Le sénateur Tim Kaine, démocrate de Virginie, a déclaré que Trump était toujours après le pétrole du Venezuela, le qualifiant de « corruption à une échelle épique ».

« Les prix vont-ils baisser pour les Américains ? Qui sait, mais probablement pas autant que Trump les a forcés à augmenter à travers sa stupide guerre contre l’Iran », a déclaré Kaine sur les réseaux sociaux.

Le sénateur Chris Van Hollen, démocrate du Maryland, a déclaré que Trump « a mis nos militaires en danger pour obtenir du pétrole vénézuélien pour ses copains milliardaires ».

Quelles questions demeurent ?

De nombreux détails importants restent flous, notamment qui couvrira les investissements nécessaires, l’identité de l’opérateur privé et comment se répartit la participation américaine dans l’entreprise.

Les États-Unis obtiendront 55 % de la production effective de la société, mais il n’est pas clair quelle part de cette somme provient d’une participation et quelle part vient du droit d’acheter du pétrole au prix coûtant.

On ne sait pas non plus comment l’industrie va réagir. Convaincre les grandes compagnies pétrolières américaines de revenir dans la région pourrait s’avérer un défi compte tenu de l’incertitude politique et des infrastructures endommagées.

Chevron, la seule compagnie pétrolière américaine produisant activement au Venezuela, a refusé de commenter. Indépendamment de l’annonce de Trump, Chevron était déjà en pourparlers pour accroître ses investissements dans le pays. Exxon Mobil a également refusé de commenter.

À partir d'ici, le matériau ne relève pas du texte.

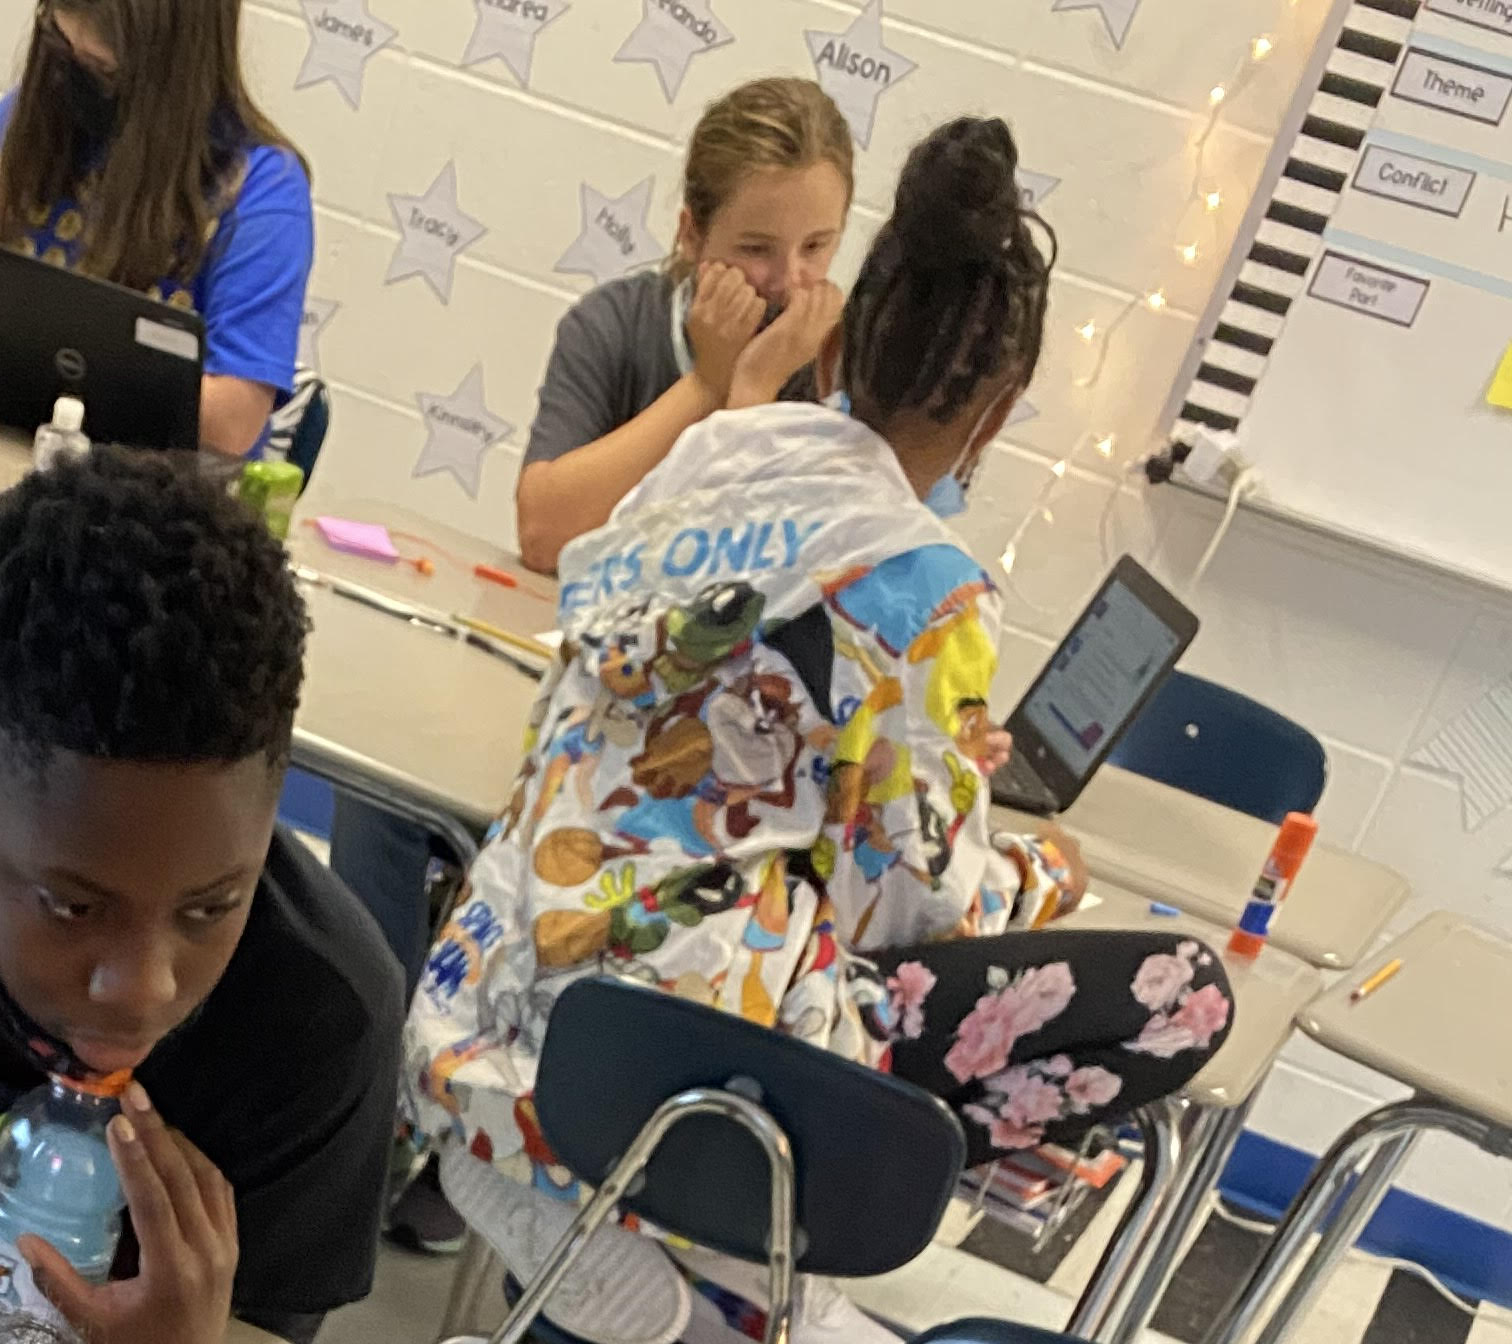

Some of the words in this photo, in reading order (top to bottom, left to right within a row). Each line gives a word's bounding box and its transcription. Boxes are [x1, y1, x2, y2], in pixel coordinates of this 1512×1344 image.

David Oxley, économiste en chef du climat et des matières premières chez Capital Economics, a déclaré qu’à première vue, l’accord pourrait doubler les réserves de pétrole des États-Unis et réduire la dépendance à l’égard du pétrole brut du Canada et du Mexique. Mais Oxley, écrivant dans un commentaire, a averti qu’il existe des obstacles logistiques et a déclaré que la valeur des réserves du Venezuela avait peut-être été exagérée sous l’ancien président Hugo Chávez.

Même avec des garanties juridiques et de sécurité, il n’est pas clair que les compagnies pétrolières américaines « seraient désireuses d’investir », a-t-il écrit, notant qu’« il pourrait tout simplement y avoir des opportunités commerciales plus attrayantes ailleurs ».